*Problem requirements*. An exact transcription of each entry below is required, without any pictures.
────
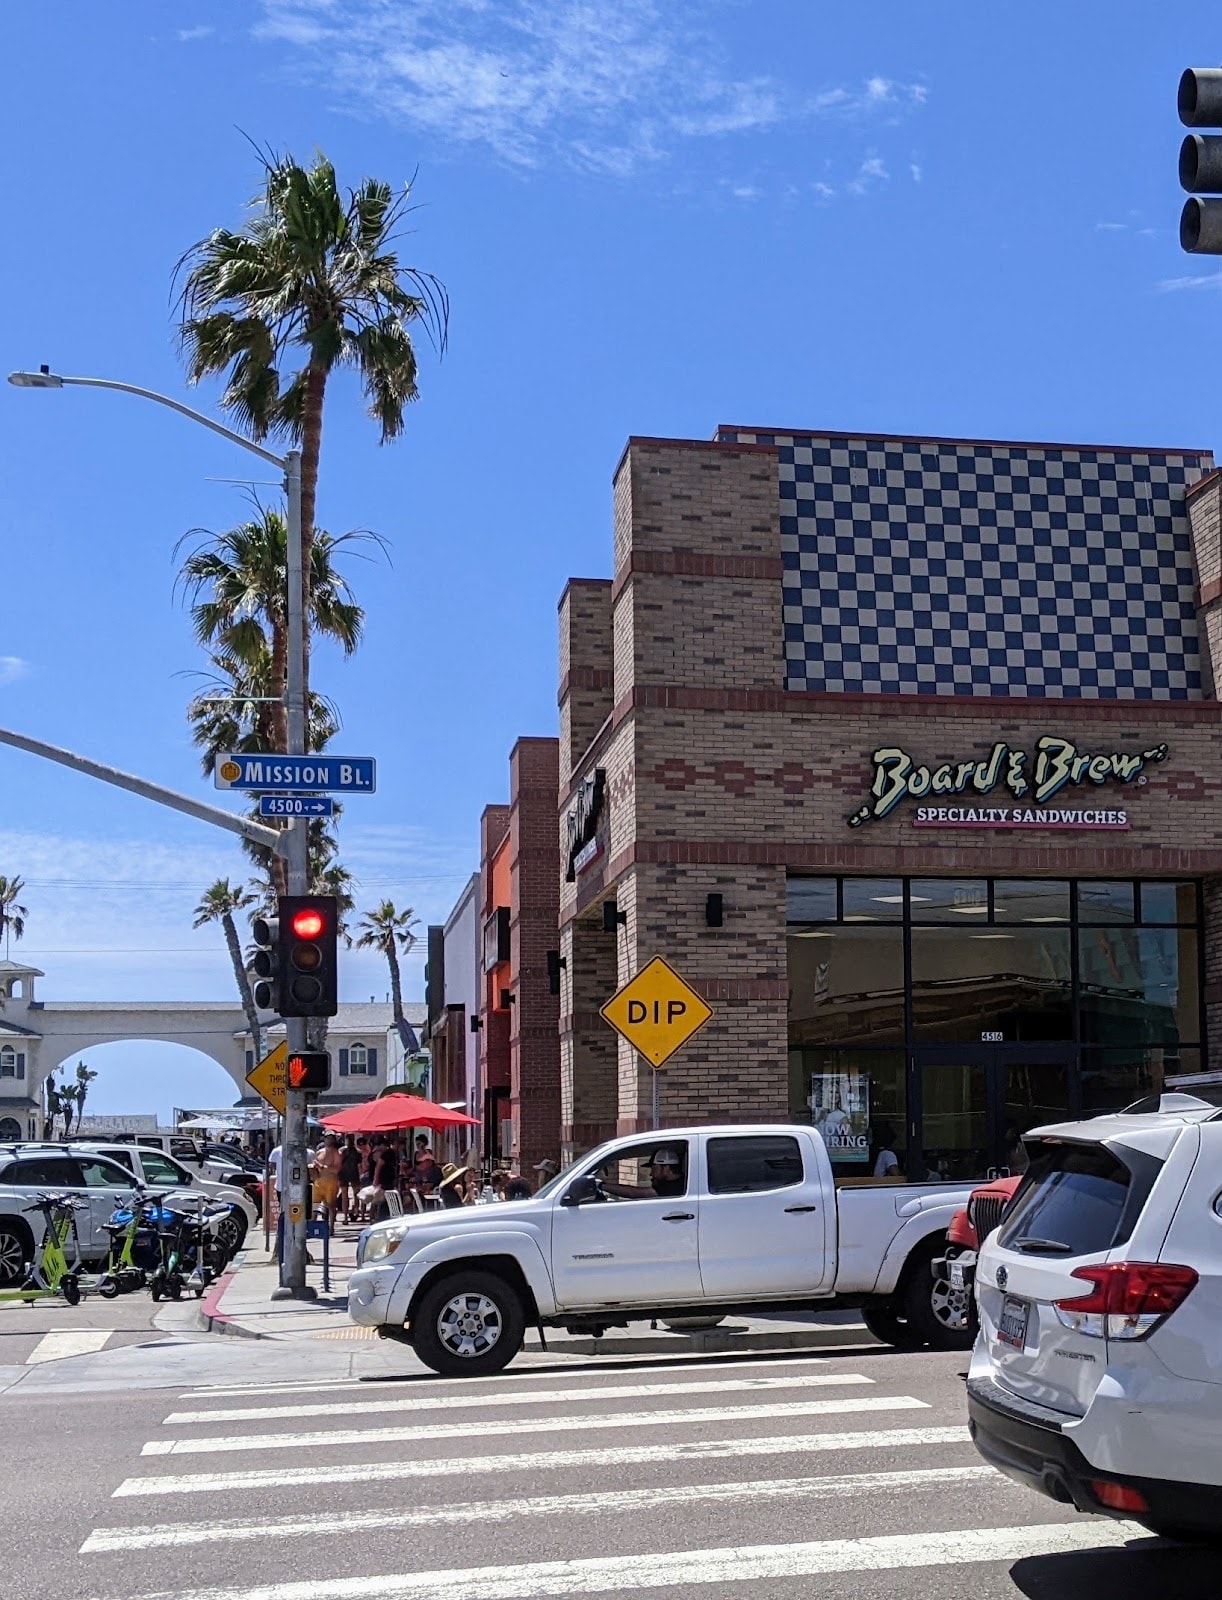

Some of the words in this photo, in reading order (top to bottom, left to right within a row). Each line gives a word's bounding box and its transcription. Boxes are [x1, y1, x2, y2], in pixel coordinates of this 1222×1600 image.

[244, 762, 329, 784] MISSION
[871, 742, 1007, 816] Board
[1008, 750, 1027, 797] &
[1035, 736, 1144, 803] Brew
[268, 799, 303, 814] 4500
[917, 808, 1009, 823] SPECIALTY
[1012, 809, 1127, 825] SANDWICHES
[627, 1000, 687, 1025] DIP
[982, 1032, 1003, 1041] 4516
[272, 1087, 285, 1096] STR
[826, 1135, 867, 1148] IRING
────
*Response to this task*.
Some of the words in this photo, in reading order (top to bottom, left to right within a row). Each line gives a word's bounding box and its transcription. Boxes are [x1, y1, x2, y2], in pixel coordinates of this 1222×1600 image.

[244, 762, 329, 784] MISSION
[871, 742, 1007, 816] Board
[1008, 750, 1027, 797] &
[1035, 736, 1144, 803] Brew
[268, 799, 303, 814] 4500
[917, 808, 1009, 823] SPECIALTY
[1012, 809, 1127, 825] SANDWICHES
[627, 1000, 687, 1025] DIP
[982, 1032, 1003, 1041] 4516
[272, 1087, 285, 1096] STR
[826, 1135, 867, 1148] IRING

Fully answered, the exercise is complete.